Наконец-то ускользнув из руин Крест-Хилла. Тайком!
Вызывающе катить на своем поджаром послушном велосипеде, который теперь устремлялся вперед по залитому лунным светом шоссе с жадной энергией дворняжки.
В первую ночь Стивен проехал мили две, прежде чем угрызения совести и тревога, что отец может обнаружить его отсутствие, заставили его повернуть назад. К тому же ему было страшно ехать дальше в темноте — туча, точно разрыв снаряда, затмила луну. Ну а нечто, которое видел его брат, или утверждал, будто видел, — Нечто-Без-Лица? Стивен не верил в существование подобного, однако вполне верил, что взбесившийся черный медведь начал охотиться на людей, раздразненный вкусом человеческой крови.
Во вторую ночь Стивен оставил позади, возможно, четыре мили, прежде чем повернул назад. От упоения у него перехватывало дыхание. «Оружие, нож… мне надо иметь, чем защищаться». Странно, как всякий раз, когда Стивен рисковал отправиться в ночное путешествие, он забывал захватить нож, даже перочинный нож; только когда уже катил по шоссе в глухом ночном одиночестве, летя между мрачными, затемненными душистыми полями и лугами, и лесистыми склонами, которые трепетали от неведомой, невидимой жизни, только тогда он вспоминал… «Мне может грозить опасность; я должен иметь, чем себя защитить».
Как он жаждал больше никогда не возвращаться в руины Крест-Хилла. Его сердце стучало в экстазе бегства. Тем не менее он, разумеется, всегда возвращался; он был ответственным юношей и ни в коем случае не покинул бы свою сестру, Розалинду, и близнецов Нийла и Эллен; не хотелось ему покидать и отца с матерью вопреки всему. Ведь он томился желанием верить во все, в чем клялся отец… «Потерпите ради меня, дети. Я спасу. Я спасу нас всех». Это же было правдой, верно? Не могло не быть правдой!
Вот так ночь за ночью Стивен возвращался домой задолго до зари; с головой, разламывающейся от утомления, и все-таки пронизанный радостью; мышцы плеч, рук и ног приятно пощипывало. Теперь было далеко не просто ездить на его велосипеде, дорогостоящем подарке папы и мамы ко дню его рождения, а на этой потрепанной, покрытой рубцами дворняжке, которая так уютно устроилась у него между ногами. Велосипед казался ему почти живым. Охотно летящим по ухабистому шоссе в слоистую стену теней, которые раздвигались, давая ему дорогу, будто гостеприимно его встречая. «Сти-вен! О, Стивен!»

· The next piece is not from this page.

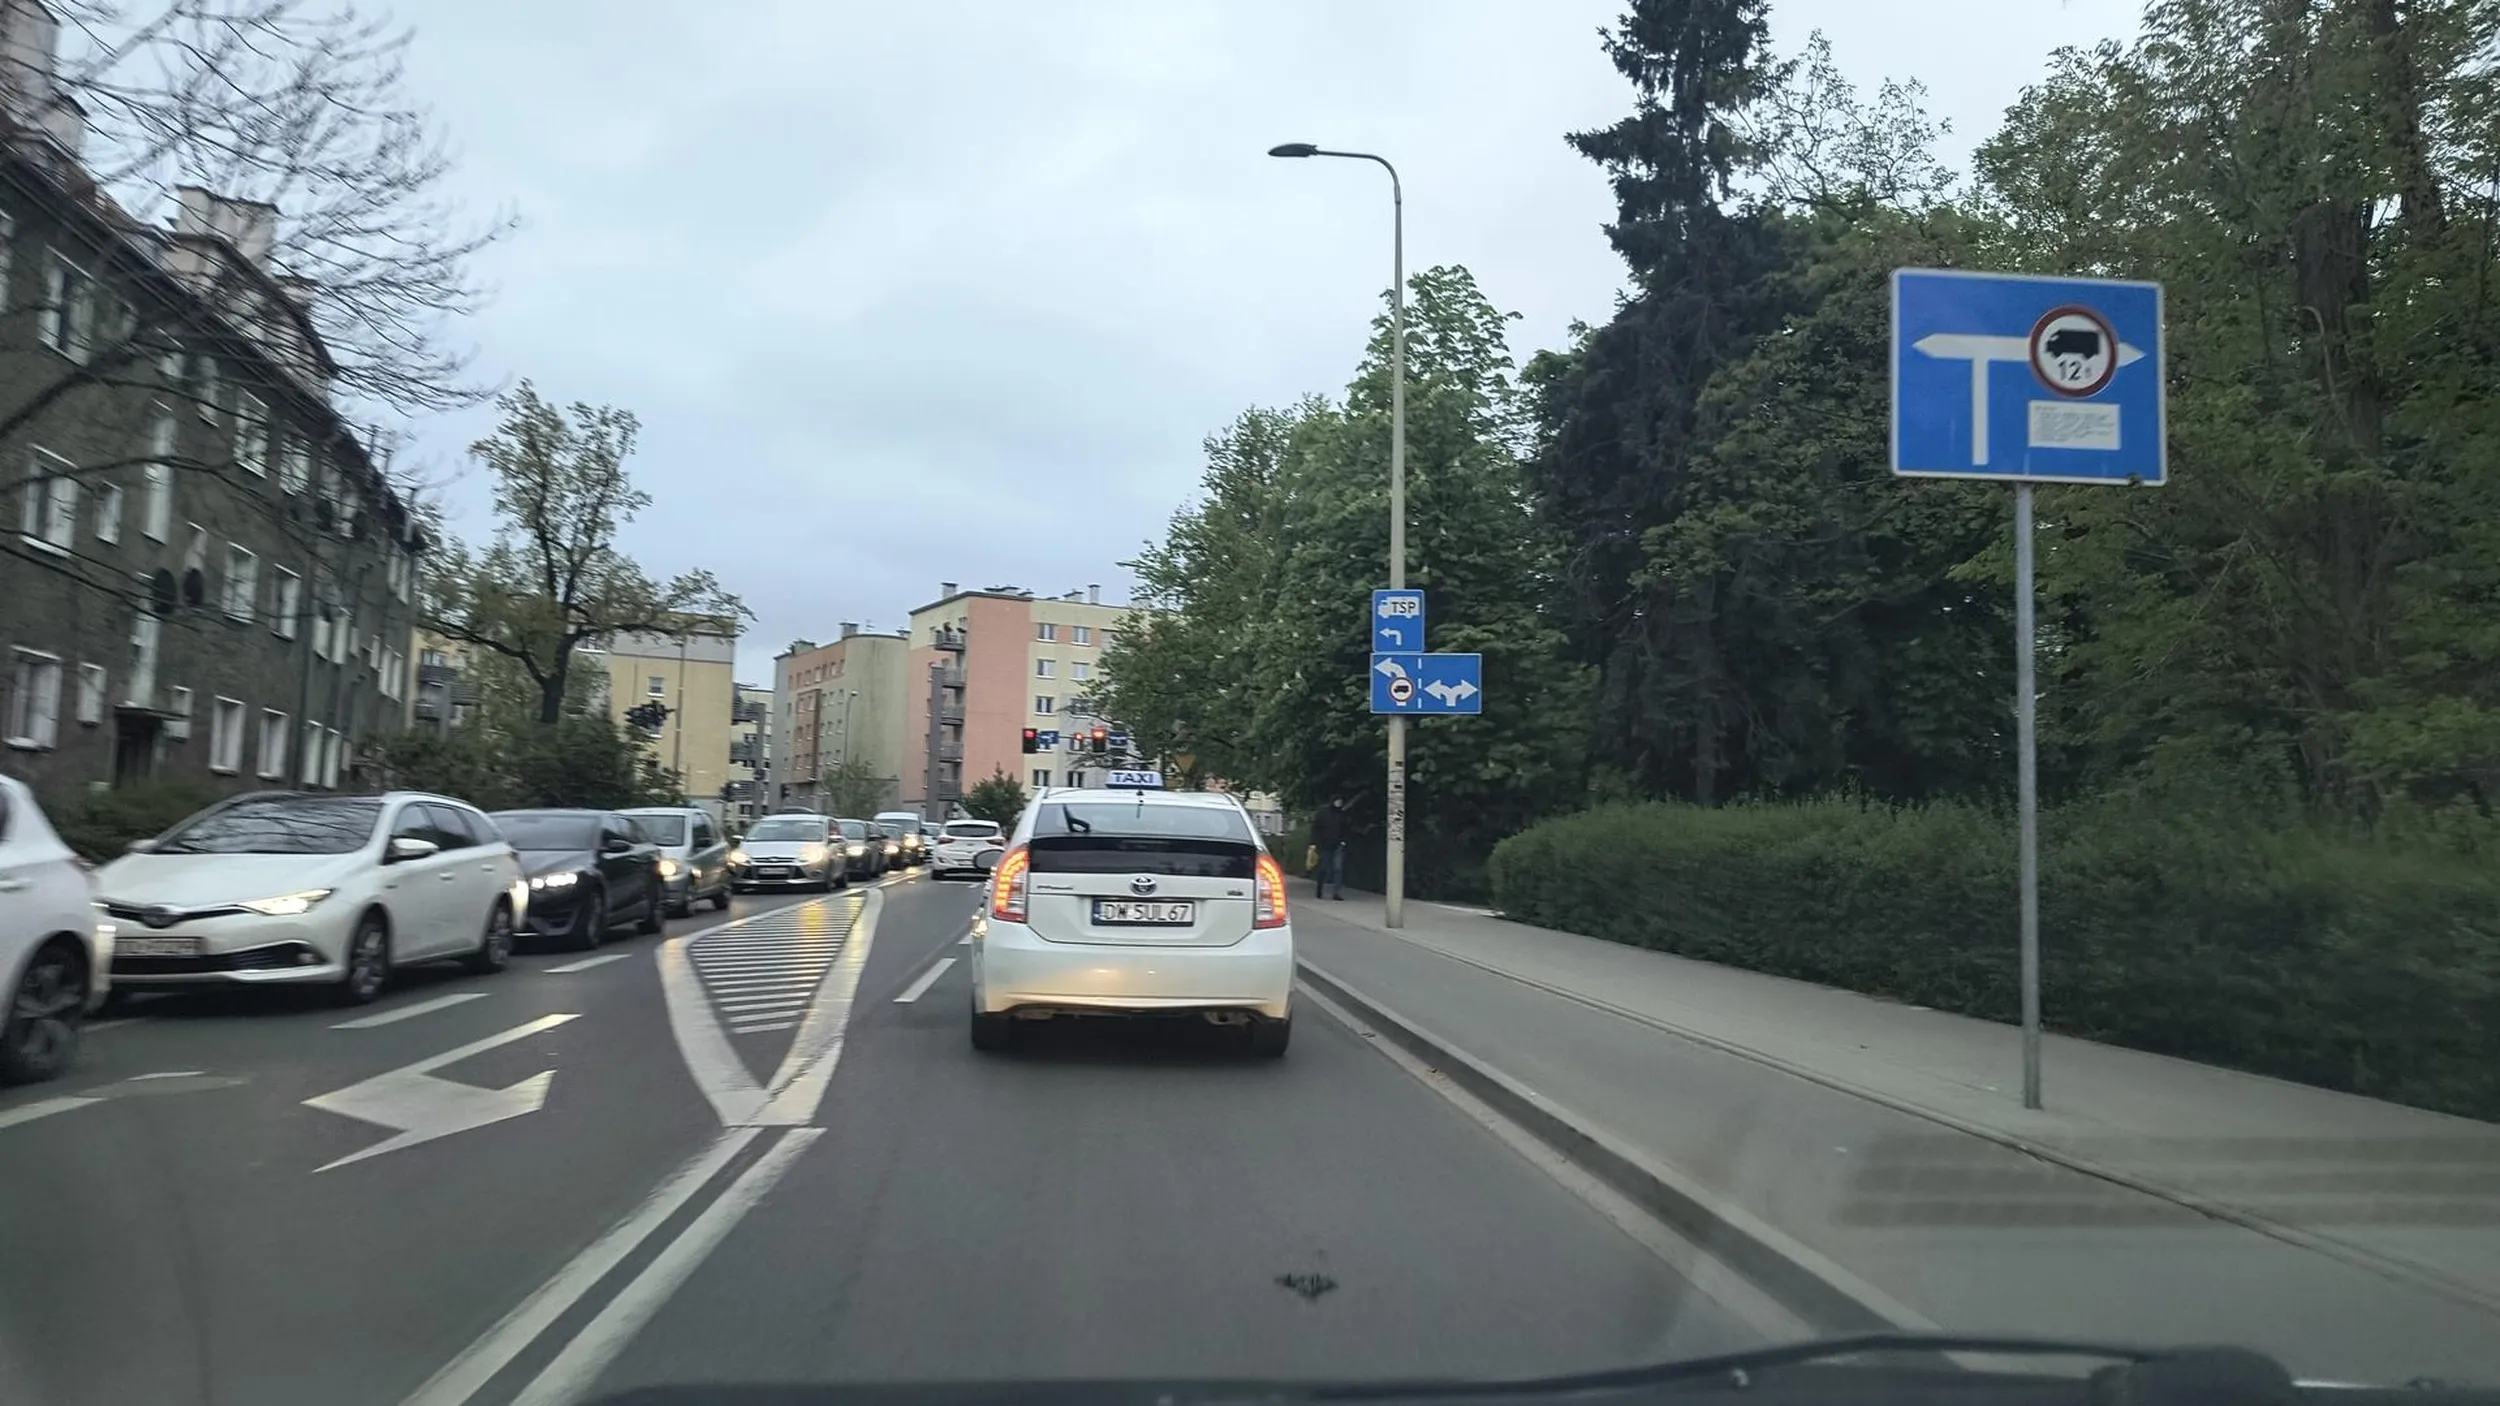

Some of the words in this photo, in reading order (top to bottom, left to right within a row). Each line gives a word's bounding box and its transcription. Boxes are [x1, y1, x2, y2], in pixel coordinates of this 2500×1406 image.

[1391, 601, 1416, 614] TSP
[1112, 772, 1153, 783] TAXI
[1104, 904, 1128, 919] DW

И назад, спрятать велосипед под непромокаемым брезентом в густых кустах у шоссе. Поздравляя себя со своей находчивостью. Поздравляя себя, хотя он был мокрым от пота и содрогался всеми нервами, со своим бесстрашием. Он хранил велосипед у шоссе, чтобы легче было выскользнуть из дома и, нагнувшись, пробежать по заросшему травами парку, протиснуться через дыру в чугунной ограде и остаться незамеченным. А его могли бы заметить, если бы он ехал на велосипеде или вел его по Аллее Акаций.
Осторожность стала второй натурой Стивена.
Он спрашивал себе: «Было так же и с Грэмом?»
Он спрашивал себя: «Следую ли я путем своего брата? Воссоединюсь ли я с ним?»
Стивена ни разу не поймали на том, что он покидал Крест-Хилл по ночам. Как же странно было, как неожиданно и дерзко, что он набрался смелости ускользнуть оттуда днем.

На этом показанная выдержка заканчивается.